= Exercise description =
Please, without any pictures, set down exactly the part of the listing below that opens with the line containing "this 1918×1080 image." and closes with the line containing "Some of the words".

= Data for this exercise =
[Start of section]

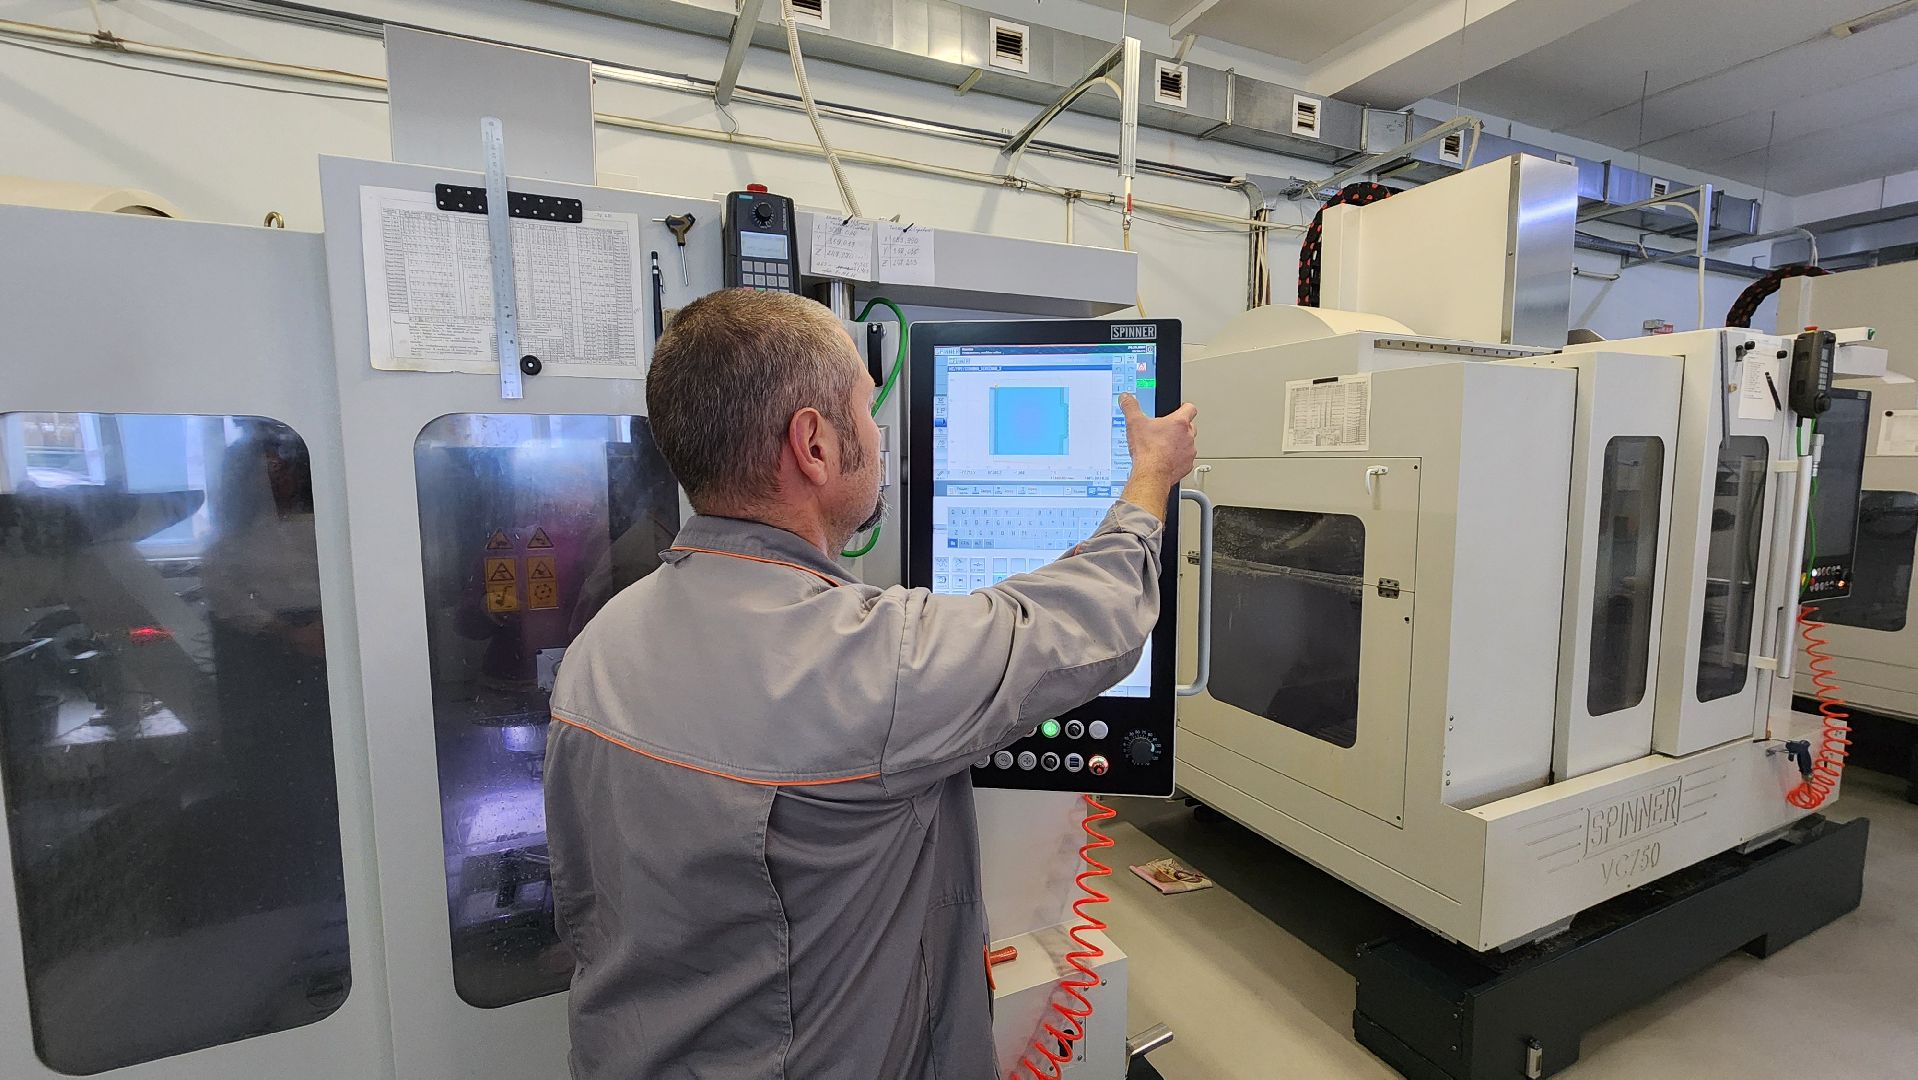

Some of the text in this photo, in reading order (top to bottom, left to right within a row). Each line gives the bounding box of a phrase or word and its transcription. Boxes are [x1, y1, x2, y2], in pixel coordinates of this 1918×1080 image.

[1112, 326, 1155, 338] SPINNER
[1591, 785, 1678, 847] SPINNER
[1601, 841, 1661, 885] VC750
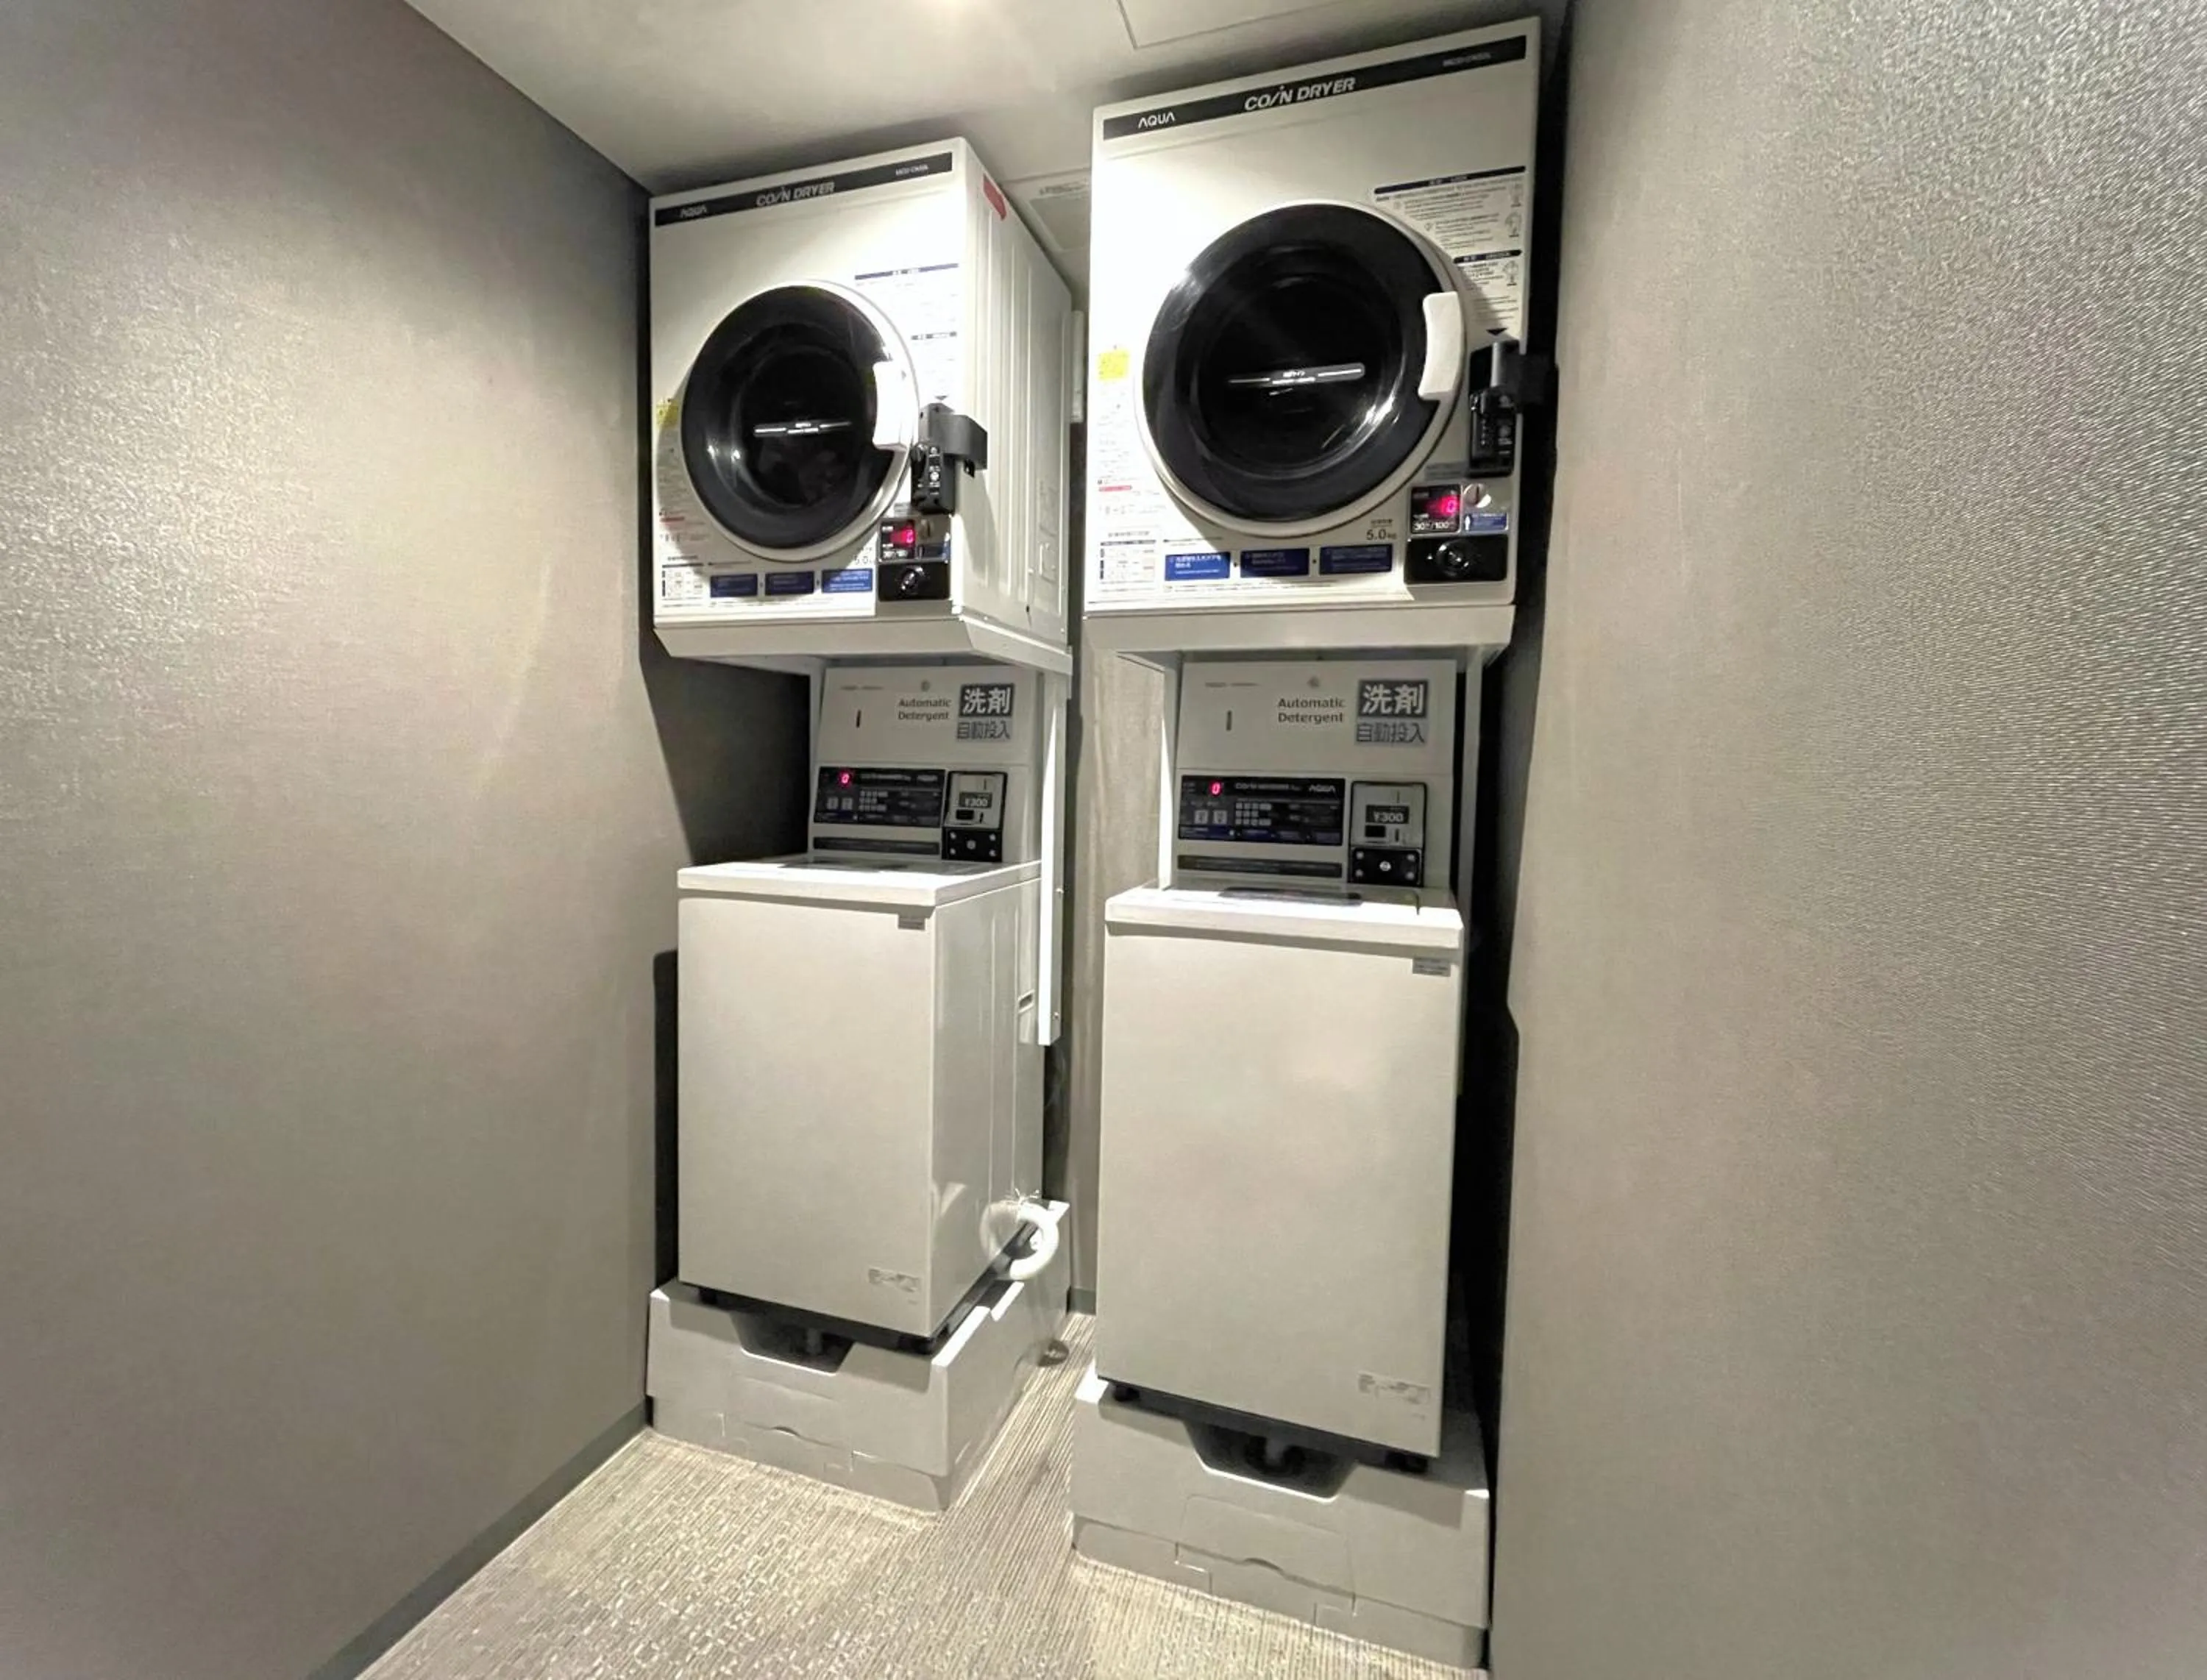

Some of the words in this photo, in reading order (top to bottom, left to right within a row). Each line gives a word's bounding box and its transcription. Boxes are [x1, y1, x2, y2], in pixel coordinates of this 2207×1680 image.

[End of section]
[Start of section]

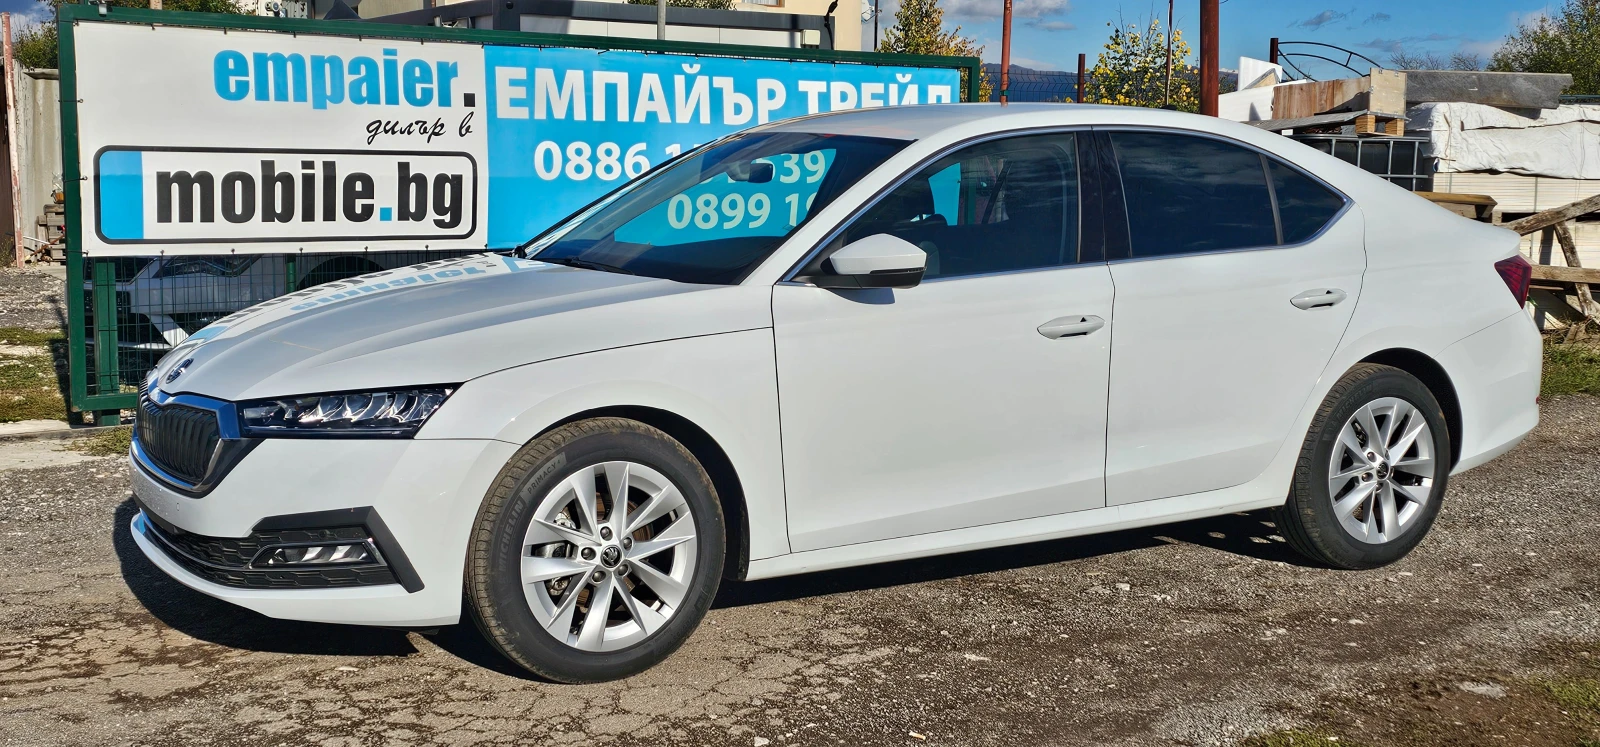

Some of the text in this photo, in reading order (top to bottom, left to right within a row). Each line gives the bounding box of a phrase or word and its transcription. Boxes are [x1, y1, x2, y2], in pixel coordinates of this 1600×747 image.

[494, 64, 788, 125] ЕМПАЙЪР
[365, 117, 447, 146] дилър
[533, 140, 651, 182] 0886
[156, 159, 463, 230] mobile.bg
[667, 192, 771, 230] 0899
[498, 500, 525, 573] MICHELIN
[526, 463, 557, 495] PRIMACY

[End of section]
[Start of section]

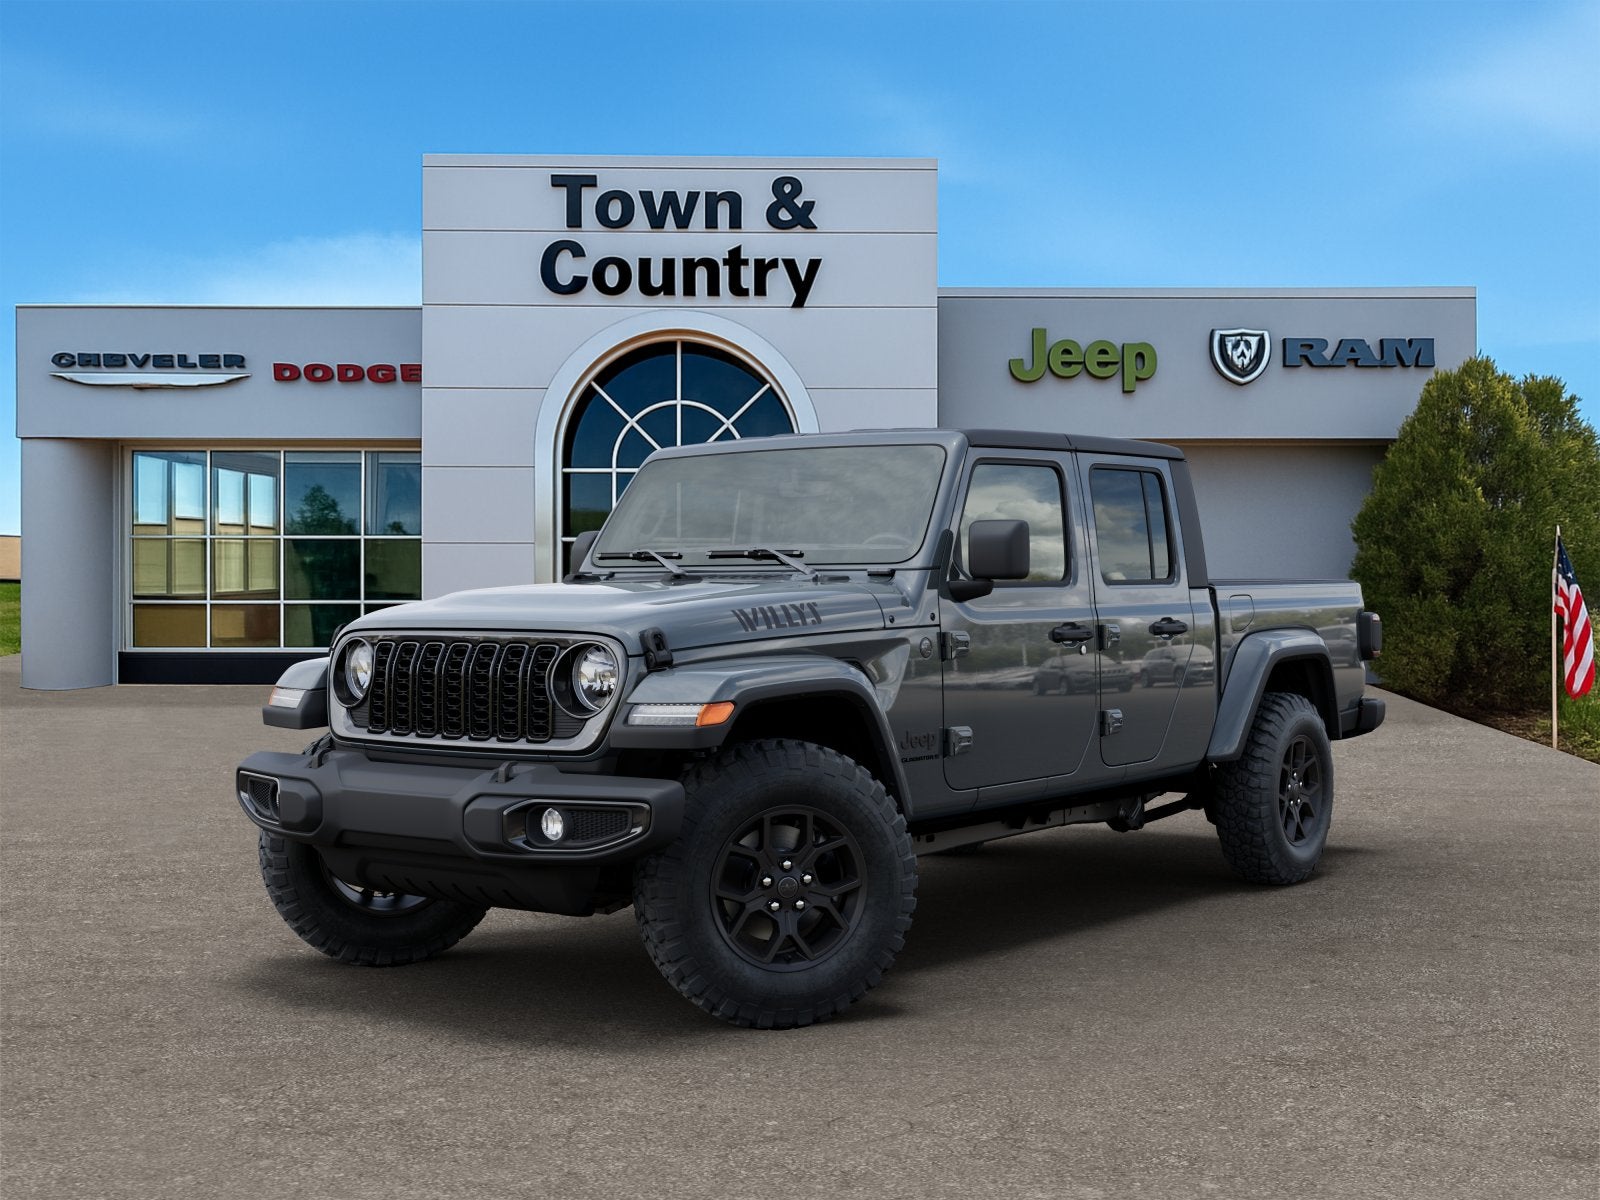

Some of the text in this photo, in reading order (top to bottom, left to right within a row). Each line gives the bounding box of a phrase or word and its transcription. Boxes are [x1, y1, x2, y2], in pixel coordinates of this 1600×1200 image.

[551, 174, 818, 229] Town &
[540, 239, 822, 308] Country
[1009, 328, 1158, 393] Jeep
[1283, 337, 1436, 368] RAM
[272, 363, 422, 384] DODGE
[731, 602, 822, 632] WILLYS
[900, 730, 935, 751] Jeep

[End of section]

= Response box =
Some of the text in this photo, in reading order (top to bottom, left to right within a row). Each line gives the bounding box of a phrase or word and its transcription. Boxes are [x1, y1, x2, y2], in pixel coordinates of this 1918×1080 image.

[1112, 326, 1155, 338] SPINNER
[1591, 785, 1678, 847] SPINNER
[1601, 841, 1661, 885] VC750

Some of the words in this photo, in reading order (top to bottom, left to right within a row). Each line gives a word's bounding box and its transcription. Boxes are [x1, y1, x2, y2], in pixel coordinates of this 2207×1680 image.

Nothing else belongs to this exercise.